Selon Bandura, il existe principalement 4 sources qui permettent de construire et de modifier le sentiment d’efficacité personnelle:

  • Les expériences actives de maîtrise – C’est la source la plus influente car elle est fondée sur la maîtrise personnelle des tâches à effectuer. Plus un individu vivra un succès lors d’un comportement donné, plus il sera amené à croire en ses capacités personnelles pour accomplir le comportement demandé. Le succès, lorsqu’il n’est pas trop facile, est un indicateur de capacité ; il permet donc la construction d’une solide croyance en efficacité personnelle alors que les échecs réduisent ce sentiment. Le meilleur moyen de développer un sentiment d’efficacité personnelle est de vivre des expériences qu’on maîtrise et réussit.
  • L’observation d’un co-équipier (dont les caractéristiques (âge, sexe, niveau d’habiletés, etc.) sont proches de soi) réussissant certaines habiletés – Le fait d’observer des pairs vivre sans controverse une situation jugée préalablement conflictuelle peut influencer et renforcer la propre croyance des observateurs en leurs capacités de réussir. Mais, à contrario, si un sportif réussit moins bien que d’autres, il risque de développer un sentiment d’efficacité plus faible entraînant lui-même une diminution de performance.
  • La persuasion verbale – « Tu es capable de réussir ceci » : la persuasion verbale signifie qu’à travers des suggestions, des avertissements, des conseils et des interrogations, les sportifs peuvent être amenés vers la croyance qu’ils possèdent le potentiel pour effectuer avec succès le comportement qui les embarrasse. Les croyances générées de cette façon sont d’ampleur plutôt faible lorsqu’elles sont utilisées seules, compte tenu du fait que les participants ne sont pas amenés à vivre une expérience. Il y a donc un risque que cela ne survive pas longtemps à l’épreuve de la réalité. On privilégiera surtout le feedback donné par des personnes qui sont significatives pour le sportif ; son entraîneur par exemple. Ce dernier en soulignant la qualité du travail de son élève facilite le développement du sentiment d’efficacité (plus que celui qui souligne la quantité de travail produit sans référence à la qualité).
    On privilégiera surtout le feedback donné par des personnes qui sont significatives pour le sportif

    Les états physiologiques expérimentés dans certaines situations peuvent être interprétés par l’individu comme le signe de difficultés pour atteindre un résultat visé. Ainsi, les manifestations somatiques du stress sont-elles souvent attribuées à un manque de capacité : bouche sèche, mains moites, …. Lorsqu’une personne associe un état émotionnel tel que l’anxiété avec une faible performance du comportement demandé, cela peut l’amener à douter de ses compétences personnelles pour accomplir ce comportement et ainsi conduire à l’échec. Il y a donc lieu de travailler à diminuer ces symptômes.

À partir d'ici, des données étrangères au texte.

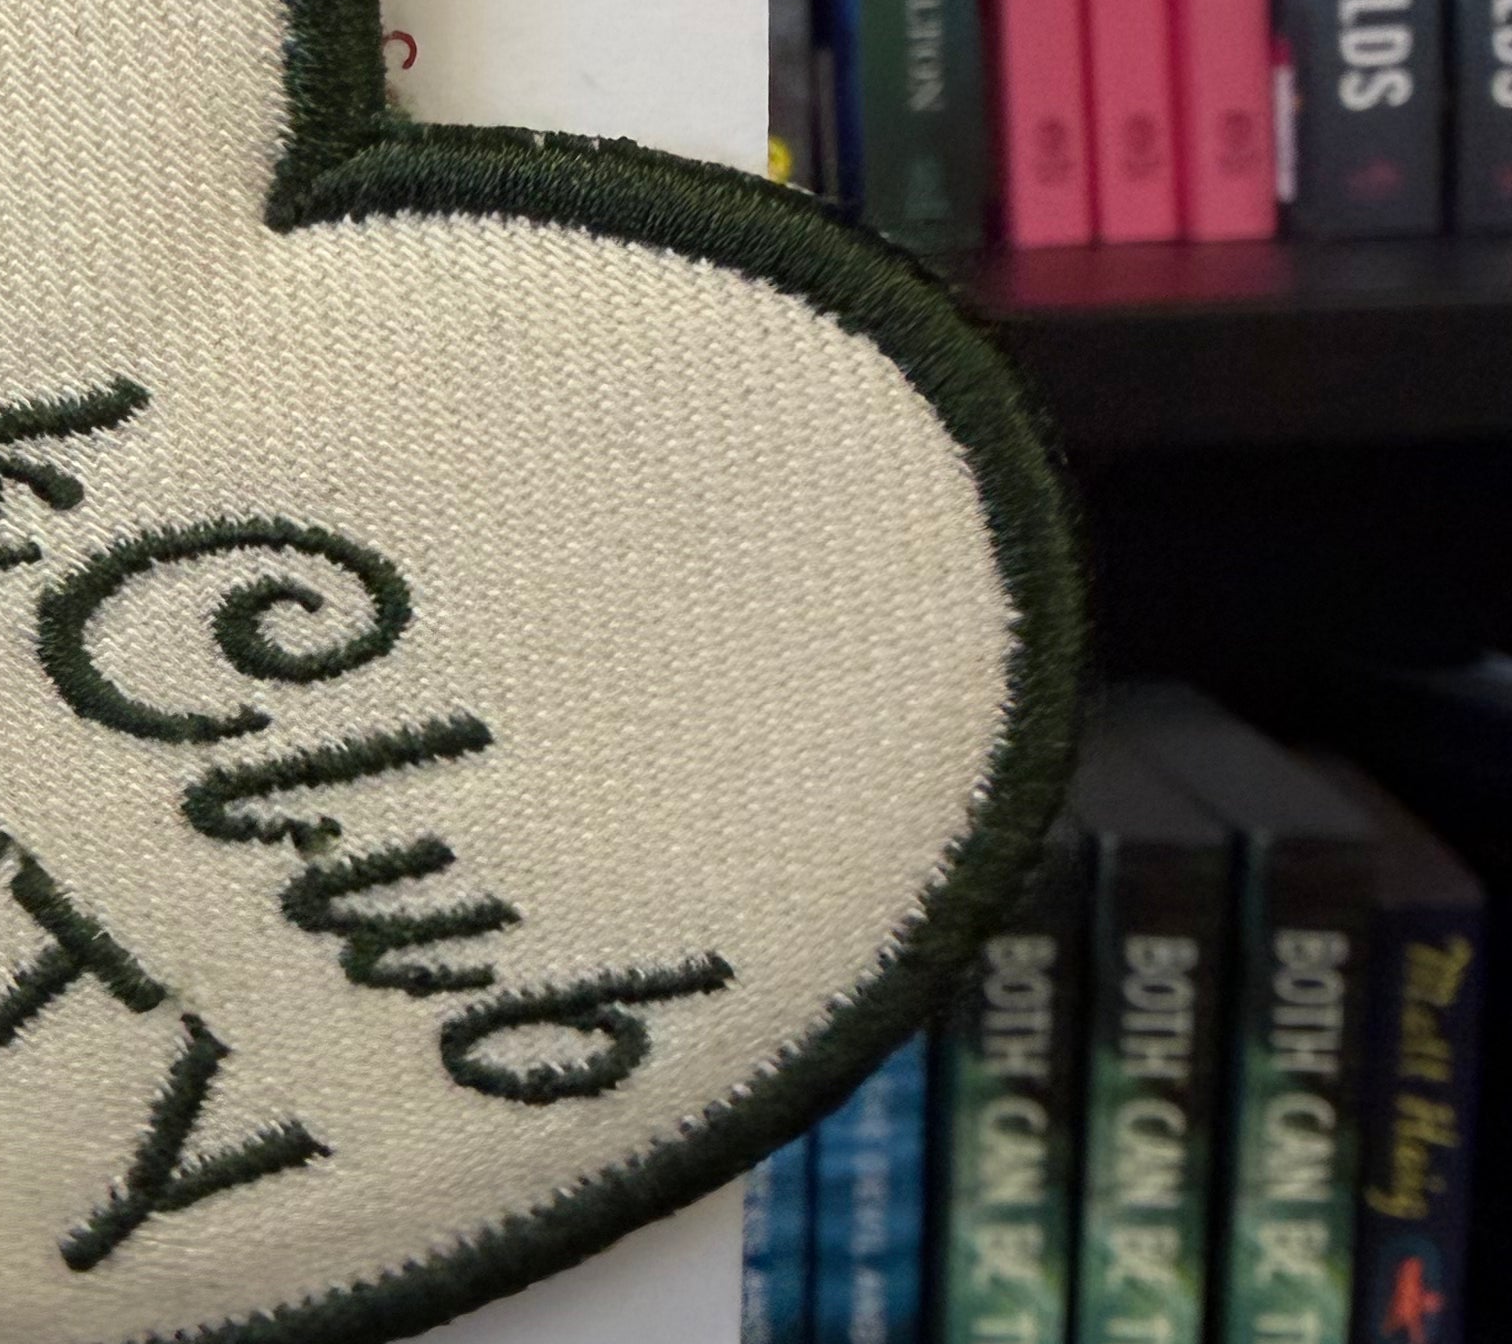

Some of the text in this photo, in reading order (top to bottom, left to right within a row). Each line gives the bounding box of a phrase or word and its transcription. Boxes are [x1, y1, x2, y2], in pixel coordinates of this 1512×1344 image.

[37, 517, 736, 1104] Club
[982, 934, 1057, 1080] BOTH
[1120, 934, 1200, 1081] BOTH
[1269, 928, 1351, 1076] BOTH
[978, 1094, 1050, 1205] CAN
[1113, 1096, 1188, 1208] CAN
[1263, 1090, 1338, 1202] CAN
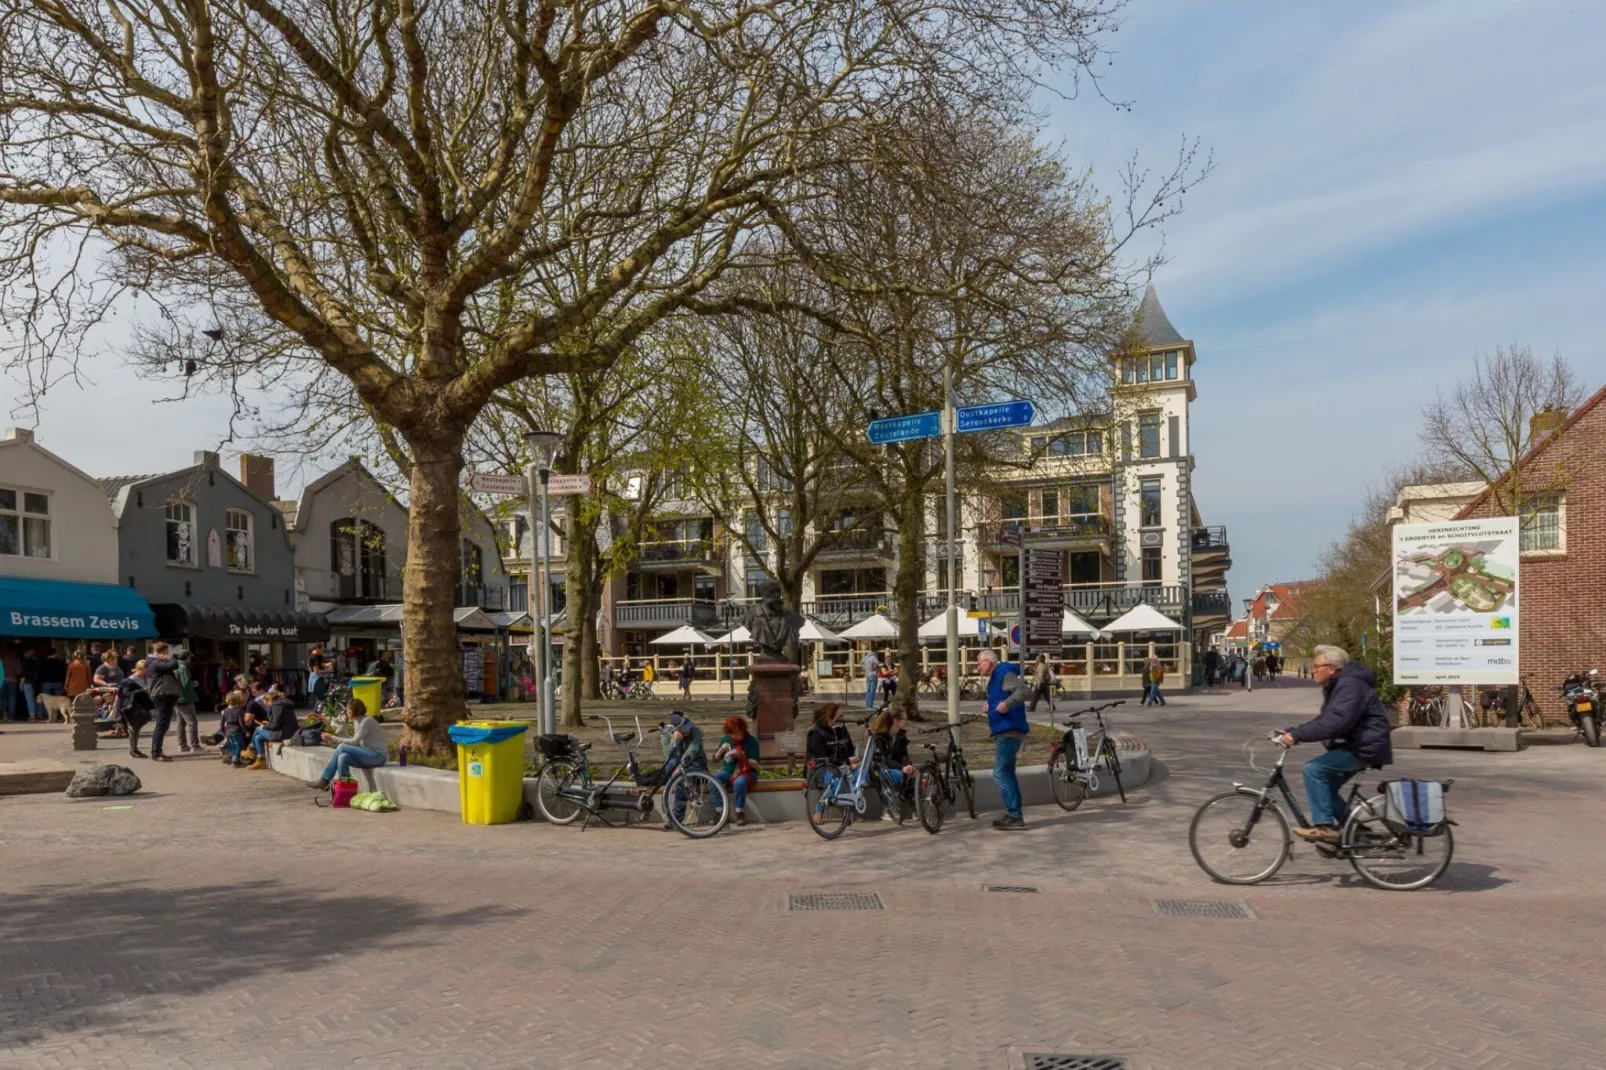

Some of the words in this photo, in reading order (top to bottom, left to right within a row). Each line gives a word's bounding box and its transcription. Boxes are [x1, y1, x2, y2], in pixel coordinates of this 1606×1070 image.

[960, 406, 1009, 417] Oostkapelle
[874, 419, 921, 430] Westkapelle
[960, 415, 1011, 427] Serooskerke
[874, 428, 919, 440] Zoutelande
[1405, 534, 1437, 542] GROENTJE
[1447, 529, 1513, 539] SCHUITVLOTSTRAAT
[1428, 525, 1481, 534] HERINRICHTING
[10, 612, 85, 628] Brassem
[89, 615, 139, 630] Zeevis
[229, 624, 240, 635] De
[244, 624, 262, 635] keet
[265, 626, 279, 636] van
[281, 626, 299, 636] kaat

Ces quatre sources d’information permettent aux individus d’acquérir un certain degré d’efficacité personnelle pour un comportement donné. Selon l’individu, le moment et le contexte en question, chacune de ces sources pourra être complémentaire des autres.

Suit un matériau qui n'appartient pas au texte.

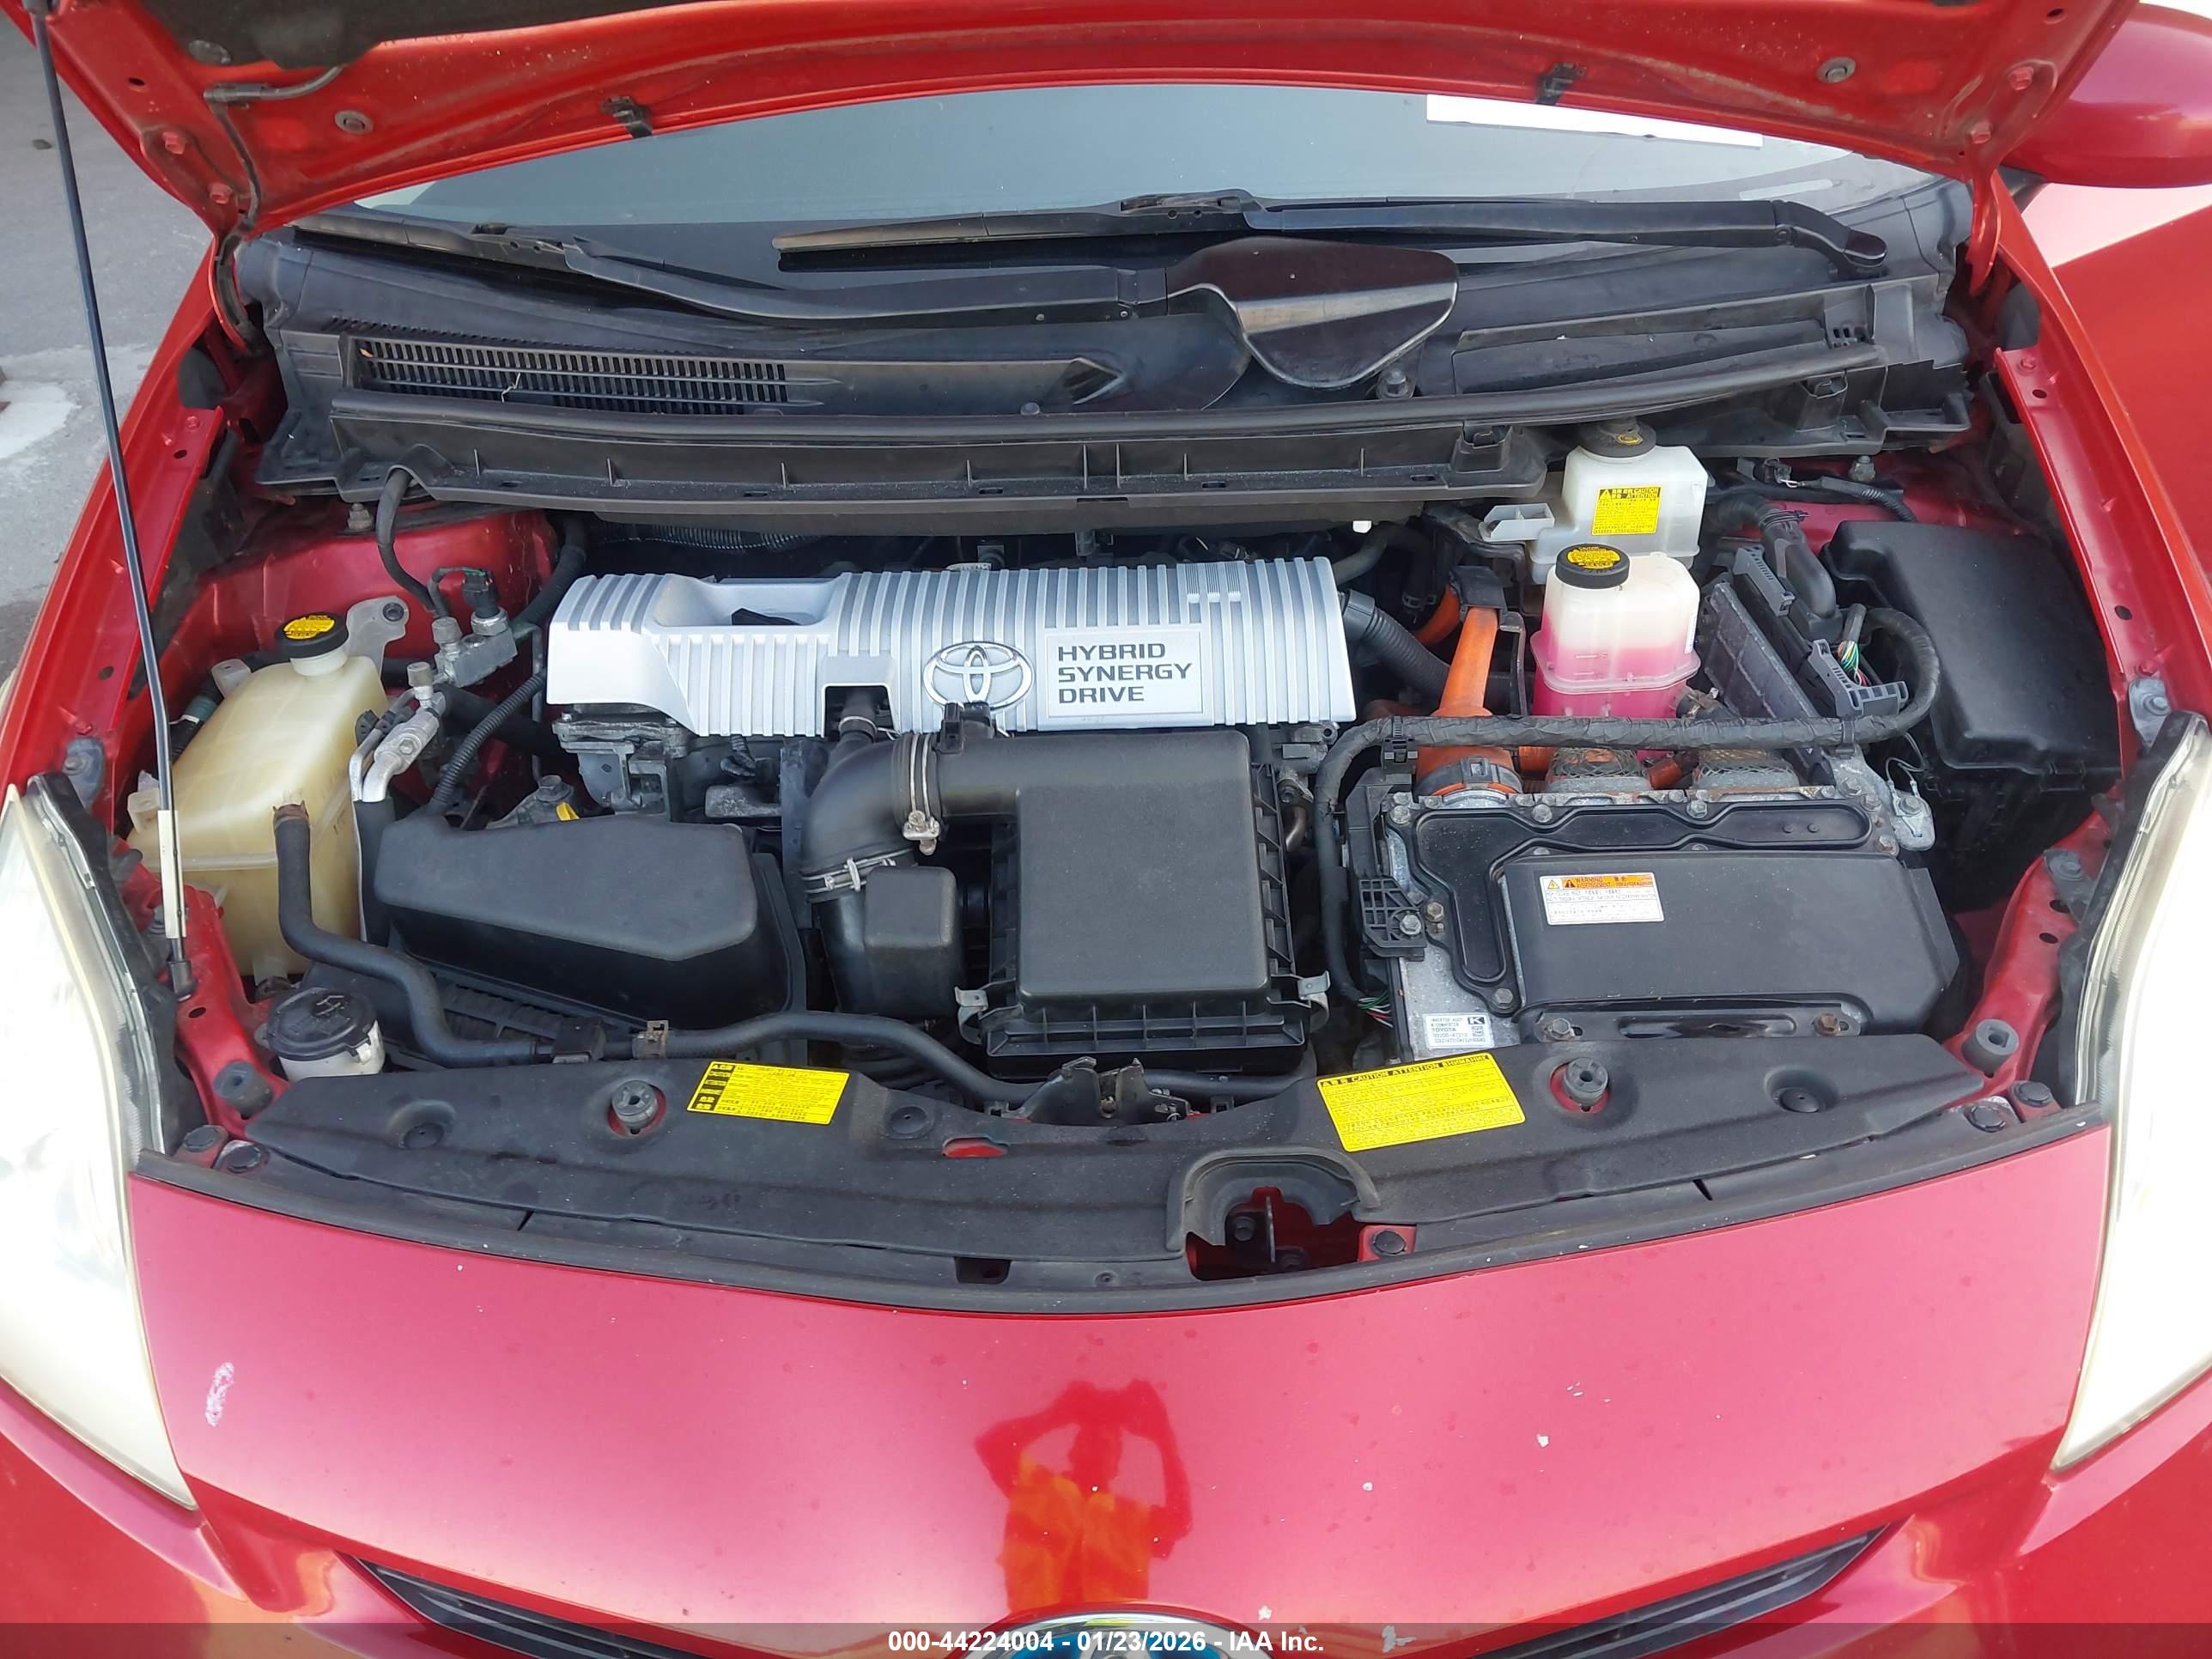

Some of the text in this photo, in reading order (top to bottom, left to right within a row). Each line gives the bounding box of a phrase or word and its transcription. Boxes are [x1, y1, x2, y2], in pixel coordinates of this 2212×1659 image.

[1058, 643, 1165, 661] HYBRID
[1058, 663, 1192, 683] SYNERGY
[1058, 686, 1145, 703] DRIVE
[1351, 1072, 1389, 1082] CAUTION
[1392, 1063, 1440, 1075] ATTENTION

On le voit, nos comportements et nos états émotionnels sont prédits par l’influence des croyances d’efficacité. Mais précisons aussi que ces croyances sont combinées aux performances attendues au sein d’un environnement donné. Ainsi, plus faible est le sentiment d’efficacité et plus forte est l’attente de résultats (d’autres sportifs qui leur sont « identiques » sont récompensés de leurs efforts), plus vite le sportif va s’auto-dévaloriser et se décourager.

Plus faible est le sentiment d’efficacité et plus forte est l’attente de résultats, plus vite le sportif va s’auto-dévaloriser et se décourager

Au contraire, avec les mêmes attentes de résultats mais un sentiment d’efficacité élevé, le sportif va s’engager positivement et en tirer nombre de satisfactions personnelles.

Les croyances d’efficacité ont des effets non négligeables sur l’engagement, l’apprentissage et les performances. Je dirais même qu’elles jouent un rôle crucial dans l’engagement et les performances du sportif. La croyance d’efficacité d’un individu en sa capacité dans une tâche donnée détermine en partie la façon dont il va faire face à cette tâche et le niveau de performance qu’il va effectivement atteindre.